+++ Exercise inputs

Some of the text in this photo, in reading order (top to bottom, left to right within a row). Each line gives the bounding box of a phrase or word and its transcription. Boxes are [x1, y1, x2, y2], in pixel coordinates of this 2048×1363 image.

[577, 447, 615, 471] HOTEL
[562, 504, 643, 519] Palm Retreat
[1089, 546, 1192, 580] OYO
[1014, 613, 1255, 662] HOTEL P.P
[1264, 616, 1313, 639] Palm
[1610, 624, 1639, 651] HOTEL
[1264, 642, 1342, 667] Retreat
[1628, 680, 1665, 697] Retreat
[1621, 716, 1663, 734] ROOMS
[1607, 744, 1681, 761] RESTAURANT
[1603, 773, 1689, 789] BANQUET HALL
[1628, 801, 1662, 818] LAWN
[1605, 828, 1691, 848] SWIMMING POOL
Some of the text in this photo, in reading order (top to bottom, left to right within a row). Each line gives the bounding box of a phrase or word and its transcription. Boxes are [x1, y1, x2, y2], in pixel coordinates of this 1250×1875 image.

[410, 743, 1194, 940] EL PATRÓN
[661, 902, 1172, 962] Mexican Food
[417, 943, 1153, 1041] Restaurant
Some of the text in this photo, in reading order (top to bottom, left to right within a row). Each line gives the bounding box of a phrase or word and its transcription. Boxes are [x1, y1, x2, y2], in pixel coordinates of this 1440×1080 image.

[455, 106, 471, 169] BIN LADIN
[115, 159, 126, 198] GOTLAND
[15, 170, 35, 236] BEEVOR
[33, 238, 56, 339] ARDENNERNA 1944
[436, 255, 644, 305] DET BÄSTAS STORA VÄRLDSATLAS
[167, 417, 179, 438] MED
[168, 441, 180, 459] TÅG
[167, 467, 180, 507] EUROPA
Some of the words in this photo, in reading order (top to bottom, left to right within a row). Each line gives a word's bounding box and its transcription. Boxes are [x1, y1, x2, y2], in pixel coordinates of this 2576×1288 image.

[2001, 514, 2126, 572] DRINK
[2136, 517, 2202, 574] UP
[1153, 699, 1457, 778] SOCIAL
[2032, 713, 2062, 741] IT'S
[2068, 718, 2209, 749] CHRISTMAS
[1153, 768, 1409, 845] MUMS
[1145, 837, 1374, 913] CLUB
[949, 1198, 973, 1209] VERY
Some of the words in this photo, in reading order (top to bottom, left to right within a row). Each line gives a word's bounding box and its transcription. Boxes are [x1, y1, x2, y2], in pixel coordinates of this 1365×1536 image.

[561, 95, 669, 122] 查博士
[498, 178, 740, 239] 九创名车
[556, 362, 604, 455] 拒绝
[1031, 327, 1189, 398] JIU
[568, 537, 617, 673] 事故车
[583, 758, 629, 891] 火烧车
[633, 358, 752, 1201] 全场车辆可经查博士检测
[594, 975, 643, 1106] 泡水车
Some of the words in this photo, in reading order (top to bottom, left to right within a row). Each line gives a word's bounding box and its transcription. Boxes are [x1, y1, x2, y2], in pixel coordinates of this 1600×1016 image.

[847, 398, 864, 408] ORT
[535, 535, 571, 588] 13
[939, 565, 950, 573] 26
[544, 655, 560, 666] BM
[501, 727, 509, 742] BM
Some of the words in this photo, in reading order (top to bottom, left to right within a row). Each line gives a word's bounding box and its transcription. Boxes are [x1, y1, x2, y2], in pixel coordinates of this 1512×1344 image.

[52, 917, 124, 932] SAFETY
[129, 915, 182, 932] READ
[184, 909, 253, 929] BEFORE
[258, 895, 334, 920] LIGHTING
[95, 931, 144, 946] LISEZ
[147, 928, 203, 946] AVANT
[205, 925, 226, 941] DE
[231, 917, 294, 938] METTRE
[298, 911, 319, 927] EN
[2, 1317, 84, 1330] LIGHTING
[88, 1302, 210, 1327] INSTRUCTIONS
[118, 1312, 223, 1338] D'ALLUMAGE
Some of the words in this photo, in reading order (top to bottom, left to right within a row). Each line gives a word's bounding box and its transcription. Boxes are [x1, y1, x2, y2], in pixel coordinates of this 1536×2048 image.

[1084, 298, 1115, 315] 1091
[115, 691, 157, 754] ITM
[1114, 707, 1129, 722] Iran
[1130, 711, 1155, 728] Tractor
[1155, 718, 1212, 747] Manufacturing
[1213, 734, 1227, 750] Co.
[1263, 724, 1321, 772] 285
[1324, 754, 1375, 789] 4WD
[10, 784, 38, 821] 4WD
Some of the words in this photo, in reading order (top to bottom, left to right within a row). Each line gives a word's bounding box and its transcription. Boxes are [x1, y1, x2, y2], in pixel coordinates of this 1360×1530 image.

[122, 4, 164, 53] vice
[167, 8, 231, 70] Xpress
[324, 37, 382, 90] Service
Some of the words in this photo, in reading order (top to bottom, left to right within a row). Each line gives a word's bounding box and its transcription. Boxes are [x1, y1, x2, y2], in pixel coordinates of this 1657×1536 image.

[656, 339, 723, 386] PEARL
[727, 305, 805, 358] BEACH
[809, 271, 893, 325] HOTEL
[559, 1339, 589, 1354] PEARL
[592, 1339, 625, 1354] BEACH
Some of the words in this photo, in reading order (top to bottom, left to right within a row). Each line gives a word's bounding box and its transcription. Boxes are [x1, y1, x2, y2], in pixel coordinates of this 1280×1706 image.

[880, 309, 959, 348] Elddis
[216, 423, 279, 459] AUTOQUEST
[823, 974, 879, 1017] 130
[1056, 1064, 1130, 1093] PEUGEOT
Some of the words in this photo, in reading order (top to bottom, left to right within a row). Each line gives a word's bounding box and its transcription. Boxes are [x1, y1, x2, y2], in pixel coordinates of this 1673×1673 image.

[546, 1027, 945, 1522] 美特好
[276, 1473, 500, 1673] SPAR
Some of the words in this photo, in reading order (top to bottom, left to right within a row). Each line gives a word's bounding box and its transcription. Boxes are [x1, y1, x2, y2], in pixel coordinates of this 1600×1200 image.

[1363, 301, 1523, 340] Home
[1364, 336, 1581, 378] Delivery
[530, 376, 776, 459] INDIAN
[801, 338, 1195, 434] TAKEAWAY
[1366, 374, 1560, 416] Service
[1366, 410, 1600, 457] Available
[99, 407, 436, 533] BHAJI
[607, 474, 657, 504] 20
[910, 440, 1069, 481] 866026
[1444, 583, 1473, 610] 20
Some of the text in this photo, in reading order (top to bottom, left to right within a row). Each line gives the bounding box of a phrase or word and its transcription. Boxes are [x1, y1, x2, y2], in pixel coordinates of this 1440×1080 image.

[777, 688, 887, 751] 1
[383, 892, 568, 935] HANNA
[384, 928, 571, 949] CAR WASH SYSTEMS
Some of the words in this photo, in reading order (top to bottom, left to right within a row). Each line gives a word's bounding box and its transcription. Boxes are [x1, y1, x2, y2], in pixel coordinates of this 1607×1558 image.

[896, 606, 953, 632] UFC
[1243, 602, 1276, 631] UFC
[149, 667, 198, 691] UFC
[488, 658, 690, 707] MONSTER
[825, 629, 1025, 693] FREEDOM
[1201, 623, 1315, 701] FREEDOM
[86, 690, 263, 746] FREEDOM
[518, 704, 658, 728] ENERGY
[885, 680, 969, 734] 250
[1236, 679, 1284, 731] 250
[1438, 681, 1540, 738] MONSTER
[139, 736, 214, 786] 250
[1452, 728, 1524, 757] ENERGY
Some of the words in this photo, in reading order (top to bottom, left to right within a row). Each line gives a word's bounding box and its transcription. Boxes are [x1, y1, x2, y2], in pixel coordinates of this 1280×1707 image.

++++++

Retype the records above exactly as they appear.

● Task answer:
Some of the text in this photo, in reading order (top to bottom, left to right within a row). Each line gives the bounding box of a phrase or word and its transcription. Boxes are [x1, y1, x2, y2], in pixel coordinates of this 2048×1363 image.

[577, 447, 615, 471] HOTEL
[562, 504, 643, 519] Palm Retreat
[1089, 546, 1192, 580] OYO
[1014, 613, 1255, 662] HOTEL P.P
[1264, 616, 1313, 639] Palm
[1610, 624, 1639, 651] HOTEL
[1264, 642, 1342, 667] Retreat
[1628, 680, 1665, 697] Retreat
[1621, 716, 1663, 734] ROOMS
[1607, 744, 1681, 761] RESTAURANT
[1603, 773, 1689, 789] BANQUET HALL
[1628, 801, 1662, 818] LAWN
[1605, 828, 1691, 848] SWIMMING POOL
Some of the text in this photo, in reading order (top to bottom, left to right within a row). Each line gives the bounding box of a phrase or word and its transcription. Boxes are [x1, y1, x2, y2], in pixel coordinates of this 1250×1875 image.

[410, 743, 1194, 940] EL PATRÓN
[661, 902, 1172, 962] Mexican Food
[417, 943, 1153, 1041] Restaurant
Some of the text in this photo, in reading order (top to bottom, left to right within a row). Each line gives the bounding box of a phrase or word and its transcription. Boxes are [x1, y1, x2, y2], in pixel coordinates of this 1440×1080 image.

[455, 106, 471, 169] BIN LADIN
[115, 159, 126, 198] GOTLAND
[15, 170, 35, 236] BEEVOR
[33, 238, 56, 339] ARDENNERNA 1944
[436, 255, 644, 305] DET BÄSTAS STORA VÄRLDSATLAS
[167, 417, 179, 438] MED
[168, 441, 180, 459] TÅG
[167, 467, 180, 507] EUROPA
Some of the words in this photo, in reading order (top to bottom, left to right within a row). Each line gives a word's bounding box and its transcription. Boxes are [x1, y1, x2, y2], in pixel coordinates of this 2576×1288 image.

[2001, 514, 2126, 572] DRINK
[2136, 517, 2202, 574] UP
[1153, 699, 1457, 778] SOCIAL
[2032, 713, 2062, 741] IT'S
[2068, 718, 2209, 749] CHRISTMAS
[1153, 768, 1409, 845] MUMS
[1145, 837, 1374, 913] CLUB
[949, 1198, 973, 1209] VERY
Some of the words in this photo, in reading order (top to bottom, left to right within a row). Each line gives a word's bounding box and its transcription. Boxes are [x1, y1, x2, y2], in pixel coordinates of this 1365×1536 image.

[561, 95, 669, 122] 查博士
[498, 178, 740, 239] 九创名车
[556, 362, 604, 455] 拒绝
[1031, 327, 1189, 398] JIU
[568, 537, 617, 673] 事故车
[583, 758, 629, 891] 火烧车
[633, 358, 752, 1201] 全场车辆可经查博士检测
[594, 975, 643, 1106] 泡水车
Some of the words in this photo, in reading order (top to bottom, left to right within a row). Each line gives a word's bounding box and its transcription. Boxes are [x1, y1, x2, y2], in pixel coordinates of this 1600×1016 image.

[847, 398, 864, 408] ORT
[535, 535, 571, 588] 13
[939, 565, 950, 573] 26
[544, 655, 560, 666] BM
[501, 727, 509, 742] BM
Some of the words in this photo, in reading order (top to bottom, left to right within a row). Each line gives a word's bounding box and its transcription. Boxes are [x1, y1, x2, y2], in pixel coordinates of this 1512×1344 image.

[52, 917, 124, 932] SAFETY
[129, 915, 182, 932] READ
[184, 909, 253, 929] BEFORE
[258, 895, 334, 920] LIGHTING
[95, 931, 144, 946] LISEZ
[147, 928, 203, 946] AVANT
[205, 925, 226, 941] DE
[231, 917, 294, 938] METTRE
[298, 911, 319, 927] EN
[2, 1317, 84, 1330] LIGHTING
[88, 1302, 210, 1327] INSTRUCTIONS
[118, 1312, 223, 1338] D'ALLUMAGE
Some of the words in this photo, in reading order (top to bottom, left to right within a row). Each line gives a word's bounding box and its transcription. Boxes are [x1, y1, x2, y2], in pixel coordinates of this 1536×2048 image.

[1084, 298, 1115, 315] 1091
[115, 691, 157, 754] ITM
[1114, 707, 1129, 722] Iran
[1130, 711, 1155, 728] Tractor
[1155, 718, 1212, 747] Manufacturing
[1213, 734, 1227, 750] Co.
[1263, 724, 1321, 772] 285
[1324, 754, 1375, 789] 4WD
[10, 784, 38, 821] 4WD
Some of the words in this photo, in reading order (top to bottom, left to right within a row). Each line gives a word's bounding box and its transcription. Boxes are [x1, y1, x2, y2], in pixel coordinates of this 1360×1530 image.

[122, 4, 164, 53] vice
[167, 8, 231, 70] Xpress
[324, 37, 382, 90] Service
Some of the words in this photo, in reading order (top to bottom, left to right within a row). Each line gives a word's bounding box and its transcription. Boxes are [x1, y1, x2, y2], in pixel coordinates of this 1657×1536 image.

[656, 339, 723, 386] PEARL
[727, 305, 805, 358] BEACH
[809, 271, 893, 325] HOTEL
[559, 1339, 589, 1354] PEARL
[592, 1339, 625, 1354] BEACH
Some of the words in this photo, in reading order (top to bottom, left to right within a row). Each line gives a word's bounding box and its transcription. Boxes are [x1, y1, x2, y2], in pixel coordinates of this 1280×1706 image.

[880, 309, 959, 348] Elddis
[216, 423, 279, 459] AUTOQUEST
[823, 974, 879, 1017] 130
[1056, 1064, 1130, 1093] PEUGEOT
Some of the words in this photo, in reading order (top to bottom, left to right within a row). Each line gives a word's bounding box and its transcription. Boxes are [x1, y1, x2, y2], in pixel coordinates of this 1673×1673 image.

[546, 1027, 945, 1522] 美特好
[276, 1473, 500, 1673] SPAR
Some of the words in this photo, in reading order (top to bottom, left to right within a row). Each line gives a word's bounding box and its transcription. Boxes are [x1, y1, x2, y2], in pixel coordinates of this 1600×1200 image.

[1363, 301, 1523, 340] Home
[1364, 336, 1581, 378] Delivery
[530, 376, 776, 459] INDIAN
[801, 338, 1195, 434] TAKEAWAY
[1366, 374, 1560, 416] Service
[1366, 410, 1600, 457] Available
[99, 407, 436, 533] BHAJI
[607, 474, 657, 504] 20
[910, 440, 1069, 481] 866026
[1444, 583, 1473, 610] 20
Some of the text in this photo, in reading order (top to bottom, left to right within a row). Each line gives the bounding box of a phrase or word and its transcription. Boxes are [x1, y1, x2, y2], in pixel coordinates of this 1440×1080 image.

[777, 688, 887, 751] 1
[383, 892, 568, 935] HANNA
[384, 928, 571, 949] CAR WASH SYSTEMS
Some of the words in this photo, in reading order (top to bottom, left to right within a row). Each line gives a word's bounding box and its transcription. Boxes are [x1, y1, x2, y2], in pixel coordinates of this 1607×1558 image.

[896, 606, 953, 632] UFC
[1243, 602, 1276, 631] UFC
[149, 667, 198, 691] UFC
[488, 658, 690, 707] MONSTER
[825, 629, 1025, 693] FREEDOM
[1201, 623, 1315, 701] FREEDOM
[86, 690, 263, 746] FREEDOM
[518, 704, 658, 728] ENERGY
[885, 680, 969, 734] 250
[1236, 679, 1284, 731] 250
[1438, 681, 1540, 738] MONSTER
[139, 736, 214, 786] 250
[1452, 728, 1524, 757] ENERGY
Some of the words in this photo, in reading order (top to bottom, left to right within a row). Each line gives a word's bounding box and its transcription. Boxes are [x1, y1, x2, y2], in pixel coordinates of this 1280×1707 image.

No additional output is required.